- WHAT THE TASK ASKS
Below are records; output all of them exactly.

- DATASET EXCERPTS
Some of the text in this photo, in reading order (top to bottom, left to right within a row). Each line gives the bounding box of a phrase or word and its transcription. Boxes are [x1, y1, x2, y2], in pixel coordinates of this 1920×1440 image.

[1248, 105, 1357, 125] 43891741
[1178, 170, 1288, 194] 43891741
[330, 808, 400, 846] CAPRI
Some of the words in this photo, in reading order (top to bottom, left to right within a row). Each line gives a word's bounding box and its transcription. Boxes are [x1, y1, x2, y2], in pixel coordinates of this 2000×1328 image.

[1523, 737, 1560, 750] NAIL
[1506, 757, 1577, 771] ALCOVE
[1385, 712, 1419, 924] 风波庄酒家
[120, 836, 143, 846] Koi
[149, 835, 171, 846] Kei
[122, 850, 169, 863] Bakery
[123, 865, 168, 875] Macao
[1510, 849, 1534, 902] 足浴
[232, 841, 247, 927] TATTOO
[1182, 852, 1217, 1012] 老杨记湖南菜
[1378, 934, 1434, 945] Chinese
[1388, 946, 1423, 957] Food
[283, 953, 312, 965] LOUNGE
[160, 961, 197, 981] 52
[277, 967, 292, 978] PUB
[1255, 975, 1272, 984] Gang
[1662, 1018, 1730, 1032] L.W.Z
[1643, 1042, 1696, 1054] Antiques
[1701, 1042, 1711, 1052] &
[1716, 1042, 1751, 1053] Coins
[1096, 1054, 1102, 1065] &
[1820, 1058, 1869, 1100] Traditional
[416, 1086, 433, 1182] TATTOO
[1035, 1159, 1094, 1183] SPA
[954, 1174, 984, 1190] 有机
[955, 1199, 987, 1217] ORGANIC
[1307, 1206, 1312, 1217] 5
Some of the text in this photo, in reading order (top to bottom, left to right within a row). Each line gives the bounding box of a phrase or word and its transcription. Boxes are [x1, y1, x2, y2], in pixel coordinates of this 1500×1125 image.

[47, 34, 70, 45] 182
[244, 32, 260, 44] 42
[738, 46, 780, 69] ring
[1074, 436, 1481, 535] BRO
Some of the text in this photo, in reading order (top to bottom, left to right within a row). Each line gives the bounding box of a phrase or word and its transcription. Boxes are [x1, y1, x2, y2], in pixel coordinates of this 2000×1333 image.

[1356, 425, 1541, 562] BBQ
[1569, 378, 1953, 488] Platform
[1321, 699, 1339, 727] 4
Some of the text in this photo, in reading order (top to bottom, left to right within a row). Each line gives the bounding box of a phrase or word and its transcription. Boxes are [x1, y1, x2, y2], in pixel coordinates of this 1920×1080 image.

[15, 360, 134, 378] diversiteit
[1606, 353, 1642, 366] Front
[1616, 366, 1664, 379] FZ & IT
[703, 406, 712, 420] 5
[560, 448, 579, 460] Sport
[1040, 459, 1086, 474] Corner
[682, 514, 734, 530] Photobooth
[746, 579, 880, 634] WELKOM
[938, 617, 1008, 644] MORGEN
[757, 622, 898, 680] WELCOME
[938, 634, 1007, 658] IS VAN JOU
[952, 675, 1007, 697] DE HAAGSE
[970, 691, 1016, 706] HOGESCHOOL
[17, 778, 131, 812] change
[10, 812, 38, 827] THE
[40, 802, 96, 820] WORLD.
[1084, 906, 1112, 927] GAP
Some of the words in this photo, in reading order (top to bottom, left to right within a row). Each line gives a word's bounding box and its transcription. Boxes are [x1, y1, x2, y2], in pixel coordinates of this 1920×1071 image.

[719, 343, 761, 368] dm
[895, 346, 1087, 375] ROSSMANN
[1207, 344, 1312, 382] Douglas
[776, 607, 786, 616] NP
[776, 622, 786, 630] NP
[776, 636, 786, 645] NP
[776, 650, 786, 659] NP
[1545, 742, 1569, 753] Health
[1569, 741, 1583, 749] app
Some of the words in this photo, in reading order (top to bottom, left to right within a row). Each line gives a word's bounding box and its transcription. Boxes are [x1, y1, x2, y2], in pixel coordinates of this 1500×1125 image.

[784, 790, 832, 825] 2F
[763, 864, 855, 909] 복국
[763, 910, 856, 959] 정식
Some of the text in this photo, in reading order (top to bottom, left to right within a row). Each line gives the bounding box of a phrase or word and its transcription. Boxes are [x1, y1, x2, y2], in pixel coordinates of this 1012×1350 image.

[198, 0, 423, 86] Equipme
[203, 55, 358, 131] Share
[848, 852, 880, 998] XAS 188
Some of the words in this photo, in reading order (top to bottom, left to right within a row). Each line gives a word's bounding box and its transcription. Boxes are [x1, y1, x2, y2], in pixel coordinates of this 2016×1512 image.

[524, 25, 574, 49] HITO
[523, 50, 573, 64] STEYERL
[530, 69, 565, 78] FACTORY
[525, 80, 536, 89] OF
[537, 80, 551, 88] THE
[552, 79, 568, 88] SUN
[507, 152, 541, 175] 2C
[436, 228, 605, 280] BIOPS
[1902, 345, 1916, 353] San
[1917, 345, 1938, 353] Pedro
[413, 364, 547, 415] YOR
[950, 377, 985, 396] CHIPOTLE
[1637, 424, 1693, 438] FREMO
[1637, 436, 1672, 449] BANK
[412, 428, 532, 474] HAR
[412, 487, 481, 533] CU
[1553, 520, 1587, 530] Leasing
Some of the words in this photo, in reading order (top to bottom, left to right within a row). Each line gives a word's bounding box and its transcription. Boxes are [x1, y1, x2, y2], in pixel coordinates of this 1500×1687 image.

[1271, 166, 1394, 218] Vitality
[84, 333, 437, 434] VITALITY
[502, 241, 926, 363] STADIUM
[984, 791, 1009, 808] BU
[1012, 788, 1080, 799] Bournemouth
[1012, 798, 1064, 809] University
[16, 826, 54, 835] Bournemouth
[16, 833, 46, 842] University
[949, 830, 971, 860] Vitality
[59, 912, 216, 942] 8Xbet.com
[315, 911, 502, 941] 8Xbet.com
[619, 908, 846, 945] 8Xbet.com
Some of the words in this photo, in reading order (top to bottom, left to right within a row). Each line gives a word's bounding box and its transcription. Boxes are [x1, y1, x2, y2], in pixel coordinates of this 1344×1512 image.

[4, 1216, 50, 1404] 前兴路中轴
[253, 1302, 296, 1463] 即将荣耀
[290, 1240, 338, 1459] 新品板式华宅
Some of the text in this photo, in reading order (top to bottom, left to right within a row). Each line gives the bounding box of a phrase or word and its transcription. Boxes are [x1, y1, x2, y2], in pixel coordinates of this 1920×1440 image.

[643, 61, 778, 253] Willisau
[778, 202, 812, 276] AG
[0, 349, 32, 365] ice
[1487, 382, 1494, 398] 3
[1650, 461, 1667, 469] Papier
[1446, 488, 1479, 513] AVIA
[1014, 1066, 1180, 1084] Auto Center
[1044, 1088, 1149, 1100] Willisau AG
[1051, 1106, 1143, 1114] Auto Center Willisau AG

- EXERCISE RESULT
Some of the text in this photo, in reading order (top to bottom, left to right within a row). Each line gives the bounding box of a phrase or word and its transcription. Boxes are [x1, y1, x2, y2], in pixel coordinates of this 1920×1440 image.

[1248, 105, 1357, 125] 43891741
[1178, 170, 1288, 194] 43891741
[330, 808, 400, 846] CAPRI
Some of the words in this photo, in reading order (top to bottom, left to right within a row). Each line gives a word's bounding box and its transcription. Boxes are [x1, y1, x2, y2], in pixel coordinates of this 2000×1328 image.

[1523, 737, 1560, 750] NAIL
[1506, 757, 1577, 771] ALCOVE
[1385, 712, 1419, 924] 风波庄酒家
[120, 836, 143, 846] Koi
[149, 835, 171, 846] Kei
[122, 850, 169, 863] Bakery
[123, 865, 168, 875] Macao
[1510, 849, 1534, 902] 足浴
[232, 841, 247, 927] TATTOO
[1182, 852, 1217, 1012] 老杨记湖南菜
[1378, 934, 1434, 945] Chinese
[1388, 946, 1423, 957] Food
[283, 953, 312, 965] LOUNGE
[160, 961, 197, 981] 52
[277, 967, 292, 978] PUB
[1255, 975, 1272, 984] Gang
[1662, 1018, 1730, 1032] L.W.Z
[1643, 1042, 1696, 1054] Antiques
[1701, 1042, 1711, 1052] &
[1716, 1042, 1751, 1053] Coins
[1096, 1054, 1102, 1065] &
[1820, 1058, 1869, 1100] Traditional
[416, 1086, 433, 1182] TATTOO
[1035, 1159, 1094, 1183] SPA
[954, 1174, 984, 1190] 有机
[955, 1199, 987, 1217] ORGANIC
[1307, 1206, 1312, 1217] 5
Some of the text in this photo, in reading order (top to bottom, left to right within a row). Each line gives the bounding box of a phrase or word and its transcription. Boxes are [x1, y1, x2, y2], in pixel coordinates of this 1500×1125 image.

[47, 34, 70, 45] 182
[244, 32, 260, 44] 42
[738, 46, 780, 69] ring
[1074, 436, 1481, 535] BRO
Some of the text in this photo, in reading order (top to bottom, left to right within a row). Each line gives the bounding box of a phrase or word and its transcription. Boxes are [x1, y1, x2, y2], in pixel coordinates of this 2000×1333 image.

[1356, 425, 1541, 562] BBQ
[1569, 378, 1953, 488] Platform
[1321, 699, 1339, 727] 4
Some of the text in this photo, in reading order (top to bottom, left to right within a row). Each line gives the bounding box of a phrase or word and its transcription. Boxes are [x1, y1, x2, y2], in pixel coordinates of this 1920×1080 image.

[15, 360, 134, 378] diversiteit
[1606, 353, 1642, 366] Front
[1616, 366, 1664, 379] FZ & IT
[703, 406, 712, 420] 5
[560, 448, 579, 460] Sport
[1040, 459, 1086, 474] Corner
[682, 514, 734, 530] Photobooth
[746, 579, 880, 634] WELKOM
[938, 617, 1008, 644] MORGEN
[757, 622, 898, 680] WELCOME
[938, 634, 1007, 658] IS VAN JOU
[952, 675, 1007, 697] DE HAAGSE
[970, 691, 1016, 706] HOGESCHOOL
[17, 778, 131, 812] change
[10, 812, 38, 827] THE
[40, 802, 96, 820] WORLD.
[1084, 906, 1112, 927] GAP
Some of the words in this photo, in reading order (top to bottom, left to right within a row). Each line gives a word's bounding box and its transcription. Boxes are [x1, y1, x2, y2], in pixel coordinates of this 1920×1071 image.

[719, 343, 761, 368] dm
[895, 346, 1087, 375] ROSSMANN
[1207, 344, 1312, 382] Douglas
[776, 607, 786, 616] NP
[776, 622, 786, 630] NP
[776, 636, 786, 645] NP
[776, 650, 786, 659] NP
[1545, 742, 1569, 753] Health
[1569, 741, 1583, 749] app
Some of the words in this photo, in reading order (top to bottom, left to right within a row). Each line gives a word's bounding box and its transcription. Boxes are [x1, y1, x2, y2], in pixel coordinates of this 1500×1125 image.

[784, 790, 832, 825] 2F
[763, 864, 855, 909] 복국
[763, 910, 856, 959] 정식
Some of the text in this photo, in reading order (top to bottom, left to right within a row). Each line gives the bounding box of a phrase or word and its transcription. Boxes are [x1, y1, x2, y2], in pixel coordinates of this 1012×1350 image.

[198, 0, 423, 86] Equipme
[203, 55, 358, 131] Share
[848, 852, 880, 998] XAS 188
Some of the words in this photo, in reading order (top to bottom, left to right within a row). Each line gives a word's bounding box and its transcription. Boxes are [x1, y1, x2, y2], in pixel coordinates of this 2016×1512 image.

[524, 25, 574, 49] HITO
[523, 50, 573, 64] STEYERL
[530, 69, 565, 78] FACTORY
[525, 80, 536, 89] OF
[537, 80, 551, 88] THE
[552, 79, 568, 88] SUN
[507, 152, 541, 175] 2C
[436, 228, 605, 280] BIOPS
[1902, 345, 1916, 353] San
[1917, 345, 1938, 353] Pedro
[413, 364, 547, 415] YOR
[950, 377, 985, 396] CHIPOTLE
[1637, 424, 1693, 438] FREMO
[1637, 436, 1672, 449] BANK
[412, 428, 532, 474] HAR
[412, 487, 481, 533] CU
[1553, 520, 1587, 530] Leasing
Some of the words in this photo, in reading order (top to bottom, left to right within a row). Each line gives a word's bounding box and its transcription. Boxes are [x1, y1, x2, y2], in pixel coordinates of this 1500×1687 image.

[1271, 166, 1394, 218] Vitality
[84, 333, 437, 434] VITALITY
[502, 241, 926, 363] STADIUM
[984, 791, 1009, 808] BU
[1012, 788, 1080, 799] Bournemouth
[1012, 798, 1064, 809] University
[16, 826, 54, 835] Bournemouth
[16, 833, 46, 842] University
[949, 830, 971, 860] Vitality
[59, 912, 216, 942] 8Xbet.com
[315, 911, 502, 941] 8Xbet.com
[619, 908, 846, 945] 8Xbet.com
Some of the words in this photo, in reading order (top to bottom, left to right within a row). Each line gives a word's bounding box and its transcription. Boxes are [x1, y1, x2, y2], in pixel coordinates of this 1344×1512 image.

[4, 1216, 50, 1404] 前兴路中轴
[253, 1302, 296, 1463] 即将荣耀
[290, 1240, 338, 1459] 新品板式华宅
Some of the text in this photo, in reading order (top to bottom, left to right within a row). Each line gives the bounding box of a phrase or word and its transcription. Boxes are [x1, y1, x2, y2], in pixel coordinates of this 1920×1440 image.

[643, 61, 778, 253] Willisau
[778, 202, 812, 276] AG
[0, 349, 32, 365] ice
[1487, 382, 1494, 398] 3
[1650, 461, 1667, 469] Papier
[1446, 488, 1479, 513] AVIA
[1014, 1066, 1180, 1084] Auto Center
[1044, 1088, 1149, 1100] Willisau AG
[1051, 1106, 1143, 1114] Auto Center Willisau AG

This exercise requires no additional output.